**EXERCISE BRIEF:** Without any pictures, copy the records below once more, exactly as they are.

**GIVEN DATA:**
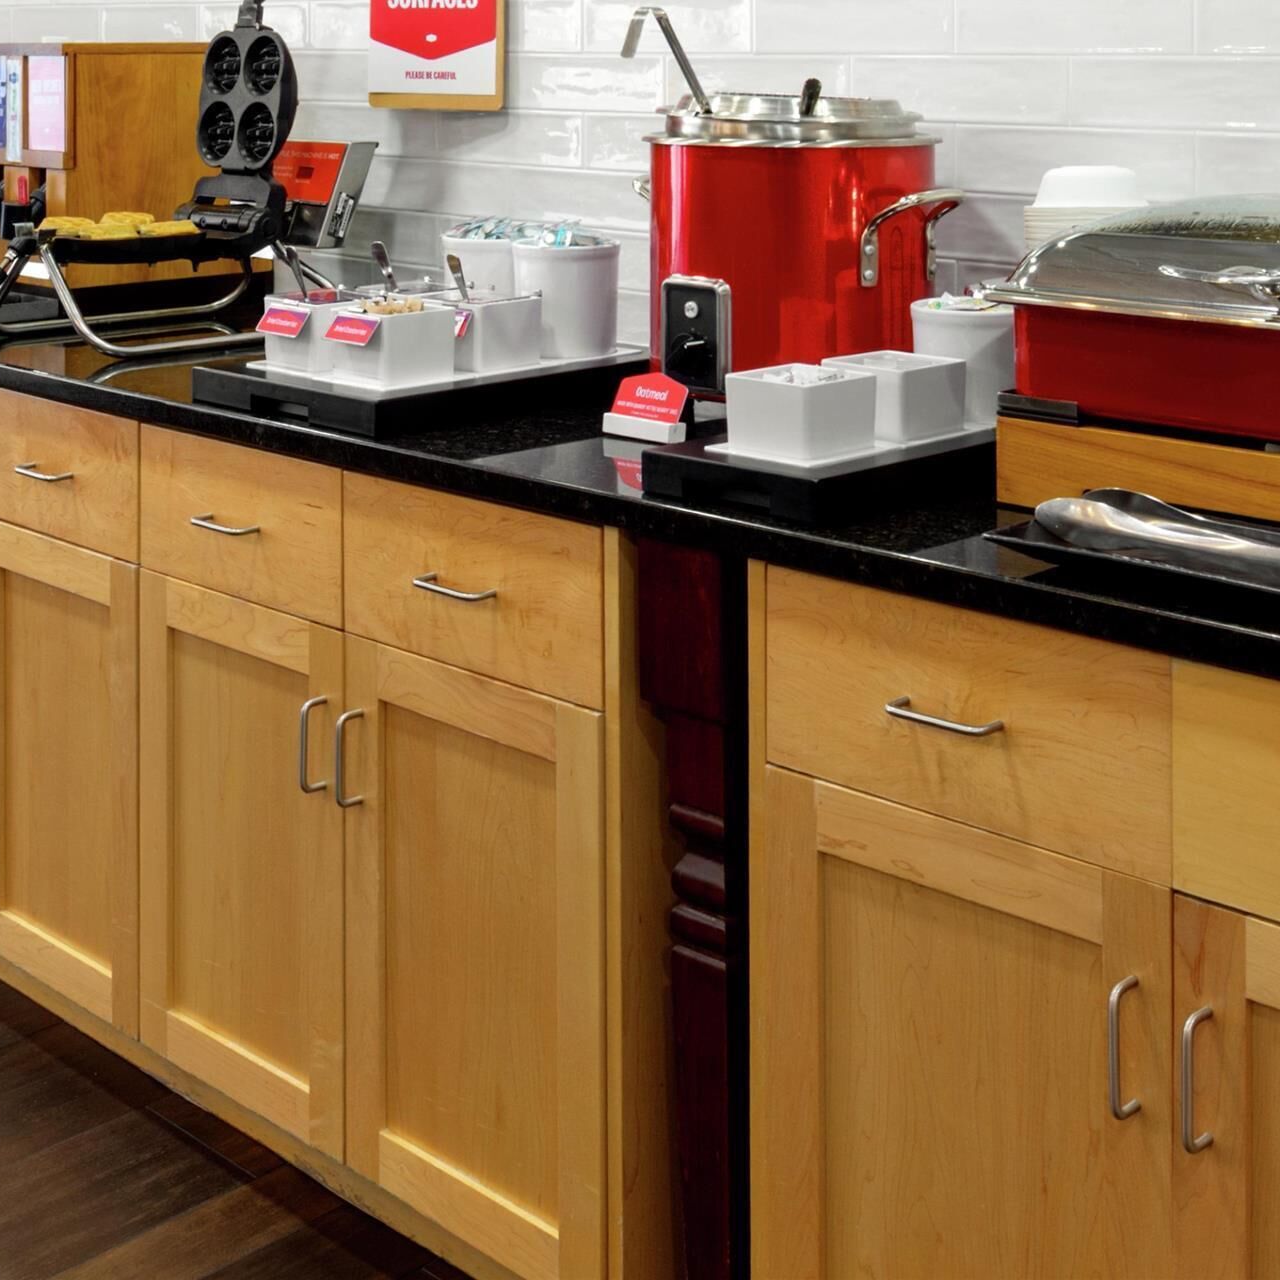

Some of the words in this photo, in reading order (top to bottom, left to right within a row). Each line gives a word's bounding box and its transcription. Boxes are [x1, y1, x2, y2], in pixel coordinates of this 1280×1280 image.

[405, 71, 424, 79] PLEASE
[425, 71, 432, 79] BE
[433, 71, 456, 80] CAREFUL
[635, 386, 669, 401] Oatmeal

**YOUR RESPONSE:**
Some of the words in this photo, in reading order (top to bottom, left to right within a row). Each line gives a word's bounding box and its transcription. Boxes are [x1, y1, x2, y2], in pixel coordinates of this 1280×1280 image.

[405, 71, 424, 79] PLEASE
[425, 71, 432, 79] BE
[433, 71, 456, 80] CAREFUL
[635, 386, 669, 401] Oatmeal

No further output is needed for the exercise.